株安は日本経済後退の懸念、金融システム不安も
今日、1月4日は、東京株式市場は新年初の取引である大発会。米国株高を好感して一時反発したものの、終値は前年末比94円20銭安の1万3691円49銭。値下がり銘柄数は6割を超えたとのことです。
株価は、半年先の経済を予見するといわれていて(先行指標)、本年6月くらいにはまた日本経済が後退局面にはいるのではないかとの不安をマーケットが持っていることを示しています。去年4月から比べると、銘柄入れ替えの影響もありますが、3割程度下がっていて、昨年度与党自民党のとった経済政策をマーケットが全然評価していないことを明白に表しているのです。

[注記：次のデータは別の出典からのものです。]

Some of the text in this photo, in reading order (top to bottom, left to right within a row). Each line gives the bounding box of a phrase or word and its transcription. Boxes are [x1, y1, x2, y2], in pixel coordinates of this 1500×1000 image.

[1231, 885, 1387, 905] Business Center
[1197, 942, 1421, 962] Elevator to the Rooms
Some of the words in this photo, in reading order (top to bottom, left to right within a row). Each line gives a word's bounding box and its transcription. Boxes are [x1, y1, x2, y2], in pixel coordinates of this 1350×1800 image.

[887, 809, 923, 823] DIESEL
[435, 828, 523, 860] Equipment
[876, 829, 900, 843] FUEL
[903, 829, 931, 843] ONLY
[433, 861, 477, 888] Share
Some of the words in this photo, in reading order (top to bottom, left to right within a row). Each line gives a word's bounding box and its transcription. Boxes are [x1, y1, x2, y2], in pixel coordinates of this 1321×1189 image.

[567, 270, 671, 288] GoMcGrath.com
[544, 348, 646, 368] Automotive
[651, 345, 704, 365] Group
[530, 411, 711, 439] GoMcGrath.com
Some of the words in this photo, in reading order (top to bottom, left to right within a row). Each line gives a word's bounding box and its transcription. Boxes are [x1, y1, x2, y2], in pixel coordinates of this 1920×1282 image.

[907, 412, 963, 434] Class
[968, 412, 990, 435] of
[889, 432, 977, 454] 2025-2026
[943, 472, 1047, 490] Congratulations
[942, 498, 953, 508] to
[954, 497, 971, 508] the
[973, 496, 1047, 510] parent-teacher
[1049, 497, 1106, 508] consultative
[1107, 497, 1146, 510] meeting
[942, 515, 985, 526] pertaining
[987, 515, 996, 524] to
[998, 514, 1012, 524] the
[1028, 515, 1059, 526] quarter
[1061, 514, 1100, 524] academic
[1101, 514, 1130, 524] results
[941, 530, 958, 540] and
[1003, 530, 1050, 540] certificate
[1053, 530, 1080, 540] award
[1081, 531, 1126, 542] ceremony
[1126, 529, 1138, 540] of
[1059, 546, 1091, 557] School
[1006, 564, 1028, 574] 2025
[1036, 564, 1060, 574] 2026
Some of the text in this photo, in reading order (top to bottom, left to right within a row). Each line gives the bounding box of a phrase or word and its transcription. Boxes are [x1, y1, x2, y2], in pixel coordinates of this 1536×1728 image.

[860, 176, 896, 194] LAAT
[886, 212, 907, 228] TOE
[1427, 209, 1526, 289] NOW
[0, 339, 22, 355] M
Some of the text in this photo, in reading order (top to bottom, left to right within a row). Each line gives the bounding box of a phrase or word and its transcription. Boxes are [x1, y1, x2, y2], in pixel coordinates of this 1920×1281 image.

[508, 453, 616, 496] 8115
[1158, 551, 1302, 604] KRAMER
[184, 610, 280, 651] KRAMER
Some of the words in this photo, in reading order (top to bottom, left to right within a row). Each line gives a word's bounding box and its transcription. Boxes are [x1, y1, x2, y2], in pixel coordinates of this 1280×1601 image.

日本経済停滞の根本原因は構造問題にあるのであり、それを解決しないで、従来型の需要追加策(公共投資、金融緩和等)を行っても、下支えはできても、回復させることはできないということ。
もちろん、株価は相場ですから、明日はどうなるか分かりませんし、一喜一憂するのもどうかとは思いますが、たった一つ言えることがあります。それは金融システム不安が再燃するということ。金融機関が資産として保有する株の価値が下がるので、自己資本比率が低下をするからです。つまり、大手銀行19行の自己資本比率は、日経平均株価が1000円下がれば0・3パーセント低価し、円相場が十円下がれば0・2パーセント低価するという資料を、過去の予算委員会に大蔵省が提出したことがあります。貸し渋りが再燃しかねず、大変心配です。
やはりその場しのぎの政策ではいけません。抜本的な構造改革が、従来の発想にとらわれない大胆な政策が必要です。